A AIDS pode matar, mas o preconceito mata muito mais!

Categoria(s):  DIREITOS HUMANOS, NOTAS, Notícias   Postado em: 03/12/2018 às 09:45

CRP-RJ abraça campanha no mês da prevenção ao HIV/AIDS.

Aprovada pelo Senado Federal em outubro de 2017, a Lei nº 13.504 institui oficialmente a Campanha Nacional de Prevenção ao HIV/AIDS e outras infecções sexualmente transmissíveis. A campanha tem o objetivo de estabelecer, anualmente no mês de dezembro, uma agenda nacional de atividades e mobilizações com foco na prevenção, assistência, proteção e promoção dos direitos das pessoas que vivem e convivem com HIV/AIDS.

A chamada Síndrome de Imunodeficiência Adquirida (AIDS, na sigla em inglês, ou SIDA em português) é uma doença que pode causar a morte, caso a pessoa que adquiriu o vírus do HIV em fase avançada e não esteja em tratamento com antirretroviral. Por meio do Programa de AIDS do Ministério da Saúde, exames de prevenção e também os medicamentos antirretrovirais são fornecidos gratuitamente pelo Sistema Único de Saúde (SUS).

Dezembro Vermelho 2018Porém, o momento atual requer atenção. A AIDS pode matar, mas o preconceito mata muito mais. Apesar dos significativos avanços no tratamento nas últimas décadas, o tema, ainda hoje, é cercado de mitos e preconceitos, fato que dificulta ações ampliadas de prevenção e tratamento da doença.

Dados da UNAids, da ONU, revelam que, em 2016, o Brasil apresentou um aumento de 3% no número de casos de AIDS em relação a 2010, enquanto que, no mundo, durante esse mesmo período, essa quantitativo apresentou uma retração de 11%. Ainda que o aumento não seja considerado preocupante, ele é um indicativo da importância da intensificação de ações educativas e de conscientização voltadas às possíveis formas de prevenção à doença.

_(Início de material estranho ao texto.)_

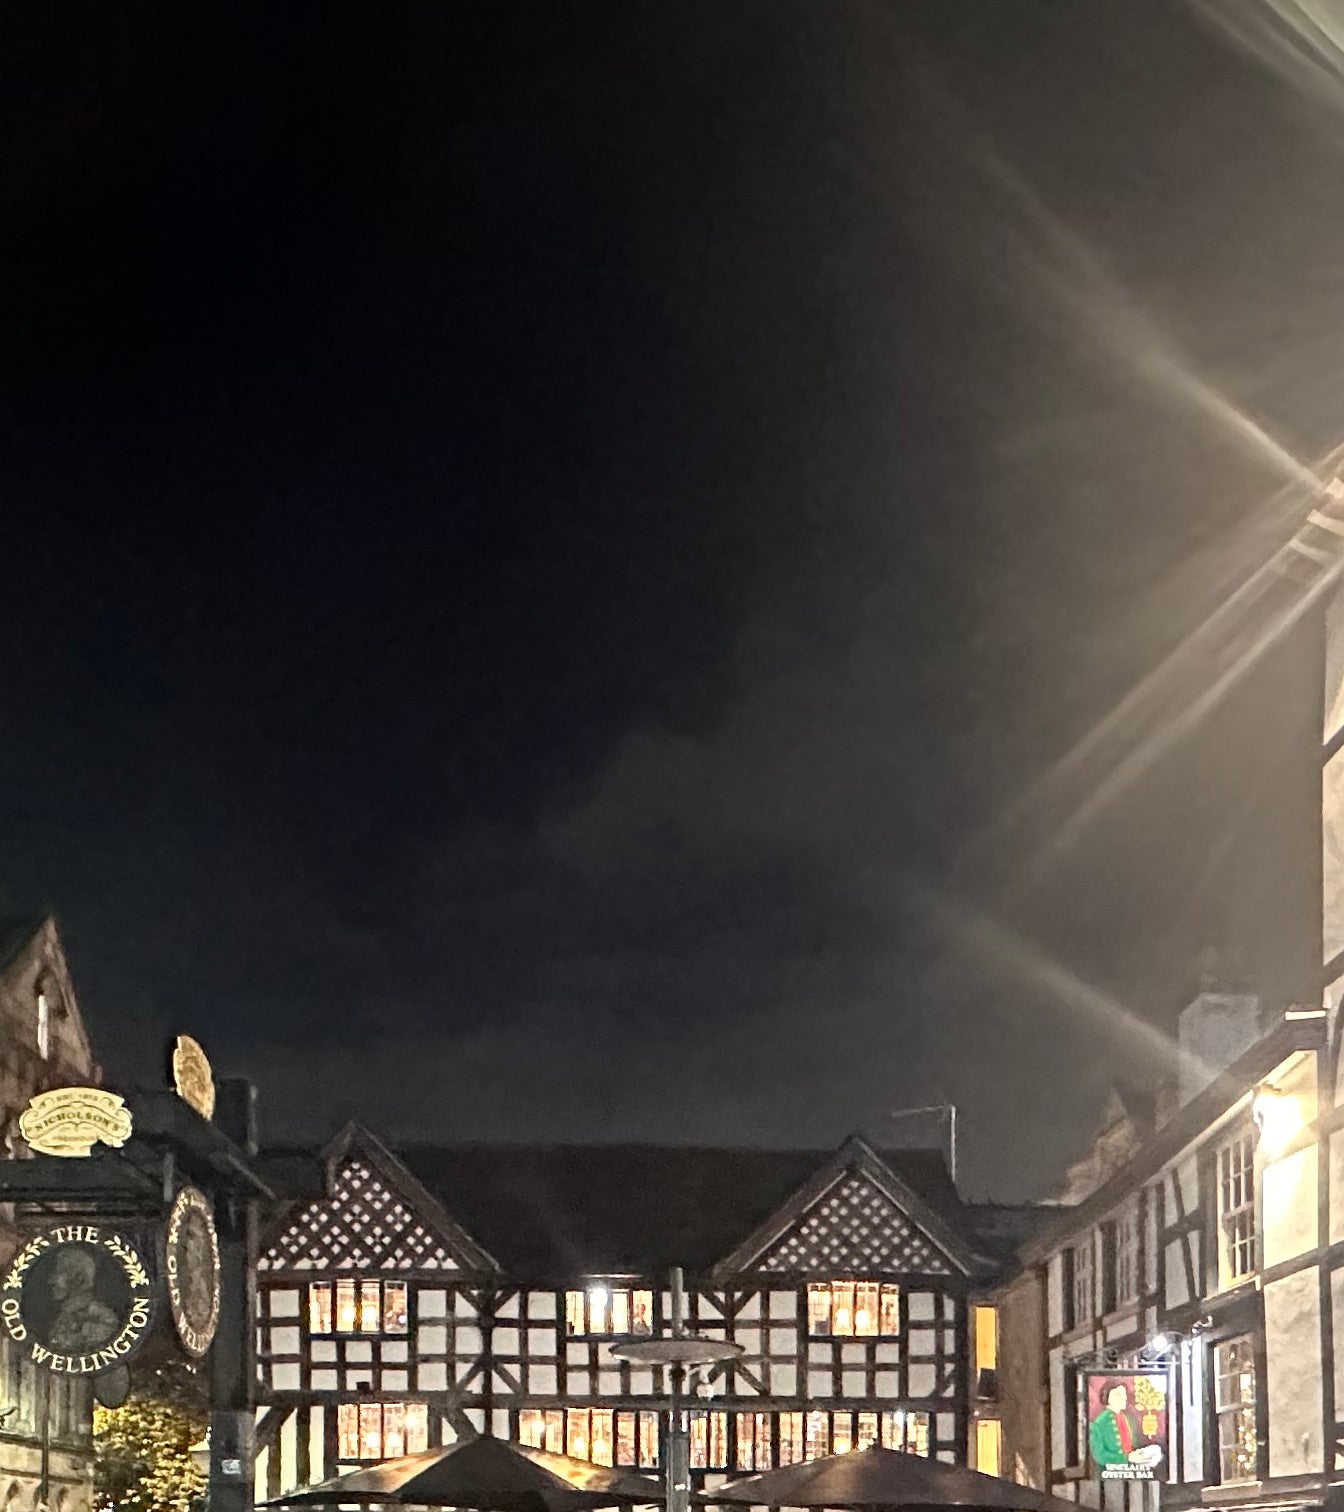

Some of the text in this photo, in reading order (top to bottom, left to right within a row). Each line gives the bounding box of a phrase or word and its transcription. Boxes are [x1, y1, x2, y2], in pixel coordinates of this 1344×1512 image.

[51, 1225, 100, 1244] THE
[1, 1298, 27, 1341] OLD
[30, 1297, 150, 1373] WELLINGTON

Pesquisas recentes do Ministério da Saúde apontam que os maiores índices de mortes provocados pela doença estão atrelados à não adesão ao tratamento ou ao diagnóstico tardio. Além disso, percebe-se um aumento preocupante de casos de depressão nos portadores da doença em decorrência do preconceito e discriminação às pessoas que vivem e convivem com HIV/AIDS.

Com o avanço dos medicamentos e a adoção da Prevenção Combinada (PreP, PeP, Camisinha, etc.), houve um certo esquecimento de dois fatores fundamentais na prevenção e combate ao HIV-AIDS. O primeiro é de que o medicamento não substitui a responsabilidade de cada pessoa em adotar práticas do cuidado de si e do cuidado do outro para um sexo mais seguro. Em segundo lugar, é de que as redes são fundamentais, ou seja, são as próprias comunidades onde as pessoas estão inseridas e onde se articulam que vão dizer qual a melhor forma de prevenção e combate ao HIV-AIDS.

As (os) profissionais da saúde podem atuar como parceiros e aliados a essas comunidades, mas sem retirar delas sua autonomia para decidirem sobre as próprias vidas, pois foram essas atitudes de práticas comunitárias as responsáveis pelas campanhas mais exitosas no Brasil e no mundo.

Uma dessas redes é a Rede Nacional de Pessoas Vivendo com HIV-AIDS – RNPVHA, que tem como lema “Antes nos escondíamos para morrer, hoje nos mostramos para viver”. Para saber mais, entre no site: http://www.rnpvha.org.br/.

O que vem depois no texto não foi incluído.